Available data:

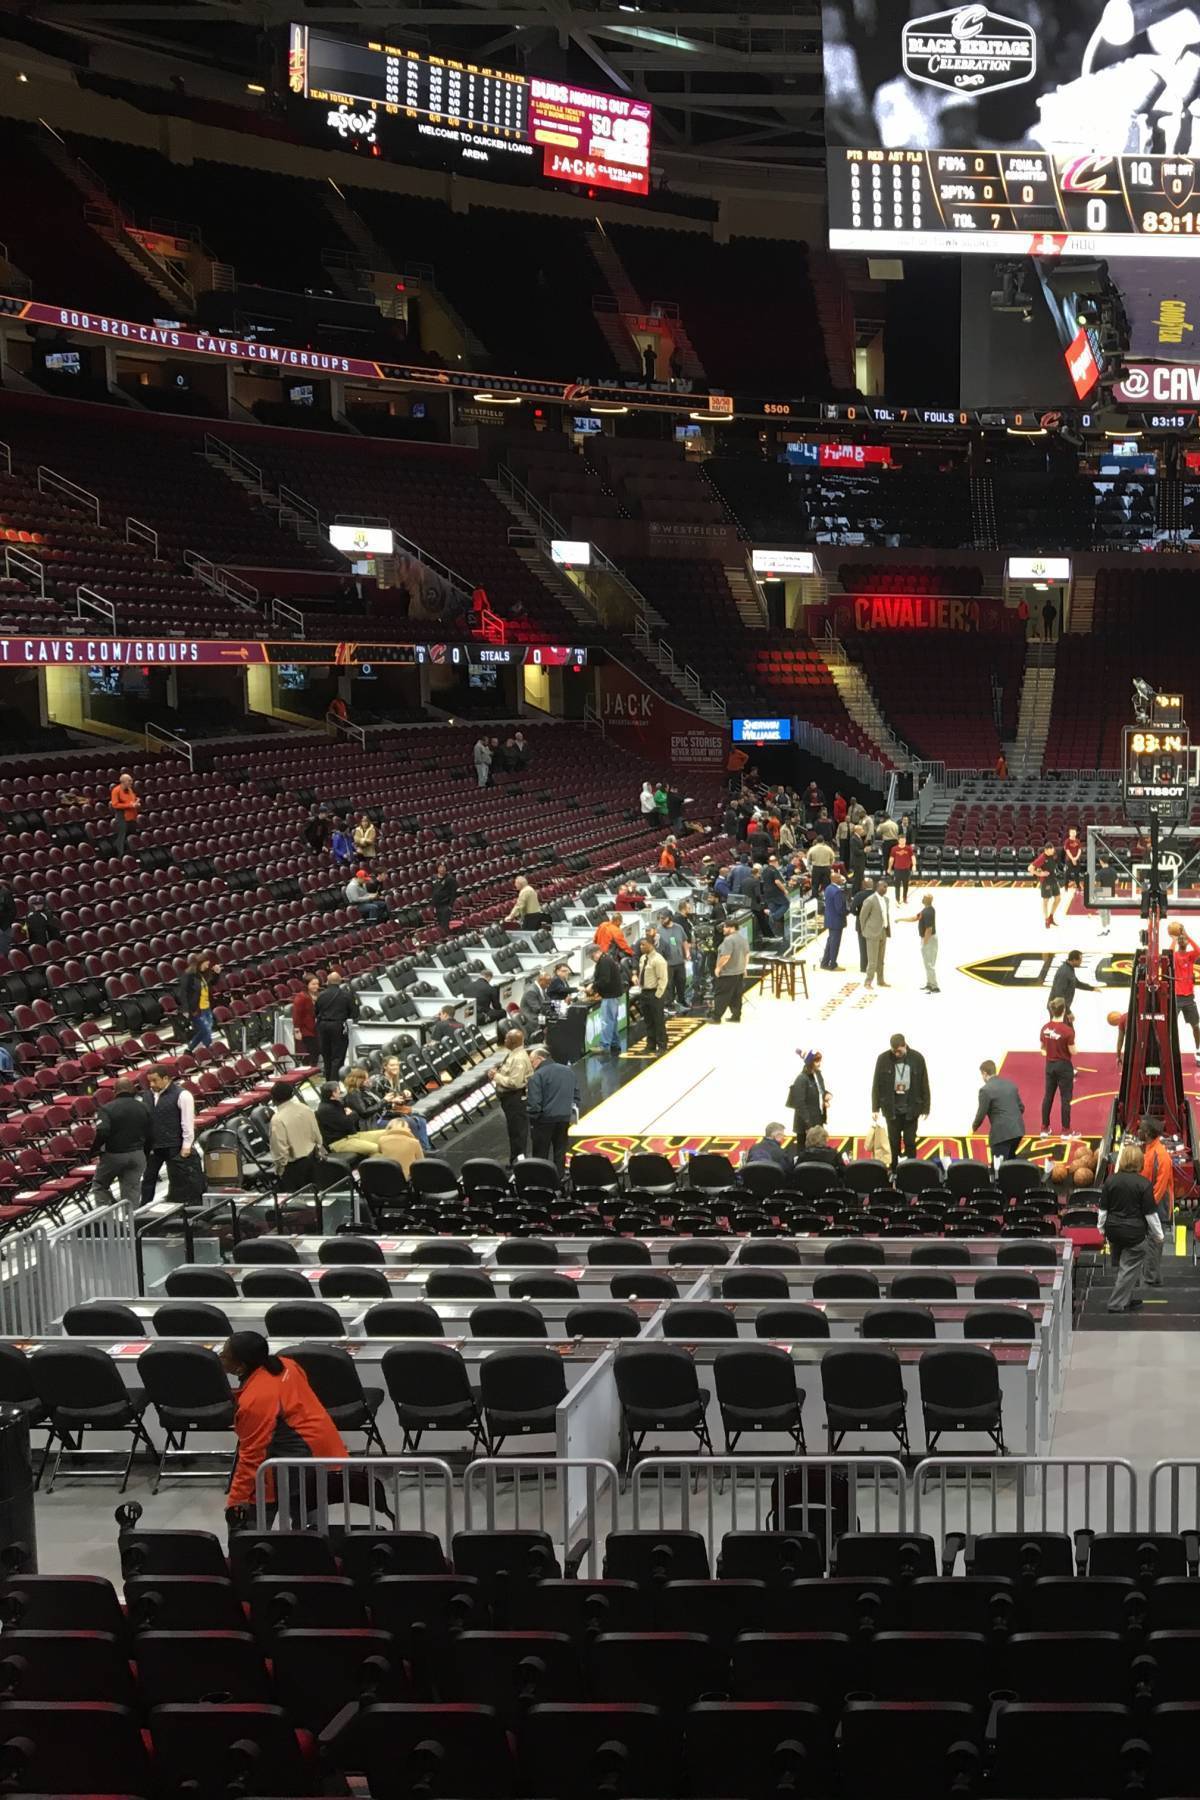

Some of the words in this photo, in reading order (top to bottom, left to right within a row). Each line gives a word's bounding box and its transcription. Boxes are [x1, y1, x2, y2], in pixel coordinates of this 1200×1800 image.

[908, 38, 957, 54] BLACK
[960, 39, 1029, 56] HERITAGE
[310, 89, 328, 100] TEAM
[330, 93, 354, 105] TOTALS
[569, 90, 608, 111] NIGHTS
[608, 99, 630, 116] OUT
[418, 124, 459, 140] WELCOME
[460, 133, 472, 143] TO
[473, 134, 507, 150] QUICKEN
[508, 142, 533, 155] LOANS
[462, 148, 488, 161] ARENA
[888, 151, 904, 162] AST
[974, 158, 984, 172] 0
[1130, 162, 1154, 186] 1Q
[983, 185, 993, 199] 0
[1172, 178, 1182, 194] 0
[1022, 185, 1034, 203] 0
[991, 214, 1000, 229] 7
[1087, 199, 1107, 231] 0
[60, 311, 180, 346] 800-820-CAVS
[196, 337, 349, 371] CAVS.COM/GROUPS
[764, 403, 790, 414] $500
[847, 408, 856, 419] 0
[874, 409, 895, 421] TOL:
[900, 410, 907, 421] 7
[924, 412, 955, 423] FOULS
[960, 412, 967, 424] 0
[1015, 414, 1022, 425] 0
[1082, 415, 1090, 427] 0
[1152, 416, 1184, 427] 83:15
[661, 525, 727, 536] WESTFIELD
[25, 641, 198, 664] CAVS.COM/GROUPS
[418, 653, 424, 663] 0
[452, 648, 459, 663] 0
[480, 650, 510, 662] STEALS
[533, 649, 541, 663] 0
[577, 655, 583, 664] 0
[671, 736, 688, 747] EPIC
[690, 736, 722, 748] STORIES
[1145, 787, 1184, 796] TISSOT

What to do:
Pictures are to be left out; all other data must be returned exactly.

Answer section:
Some of the words in this photo, in reading order (top to bottom, left to right within a row). Each line gives a word's bounding box and its transcription. Boxes are [x1, y1, x2, y2], in pixel coordinates of this 1200×1800 image.

[908, 38, 957, 54] BLACK
[960, 39, 1029, 56] HERITAGE
[310, 89, 328, 100] TEAM
[330, 93, 354, 105] TOTALS
[569, 90, 608, 111] NIGHTS
[608, 99, 630, 116] OUT
[418, 124, 459, 140] WELCOME
[460, 133, 472, 143] TO
[473, 134, 507, 150] QUICKEN
[508, 142, 533, 155] LOANS
[462, 148, 488, 161] ARENA
[888, 151, 904, 162] AST
[974, 158, 984, 172] 0
[1130, 162, 1154, 186] 1Q
[983, 185, 993, 199] 0
[1172, 178, 1182, 194] 0
[1022, 185, 1034, 203] 0
[991, 214, 1000, 229] 7
[1087, 199, 1107, 231] 0
[60, 311, 180, 346] 800-820-CAVS
[196, 337, 349, 371] CAVS.COM/GROUPS
[764, 403, 790, 414] $500
[847, 408, 856, 419] 0
[874, 409, 895, 421] TOL:
[900, 410, 907, 421] 7
[924, 412, 955, 423] FOULS
[960, 412, 967, 424] 0
[1015, 414, 1022, 425] 0
[1082, 415, 1090, 427] 0
[1152, 416, 1184, 427] 83:15
[661, 525, 727, 536] WESTFIELD
[25, 641, 198, 664] CAVS.COM/GROUPS
[418, 653, 424, 663] 0
[452, 648, 459, 663] 0
[480, 650, 510, 662] STEALS
[533, 649, 541, 663] 0
[577, 655, 583, 664] 0
[671, 736, 688, 747] EPIC
[690, 736, 722, 748] STORIES
[1145, 787, 1184, 796] TISSOT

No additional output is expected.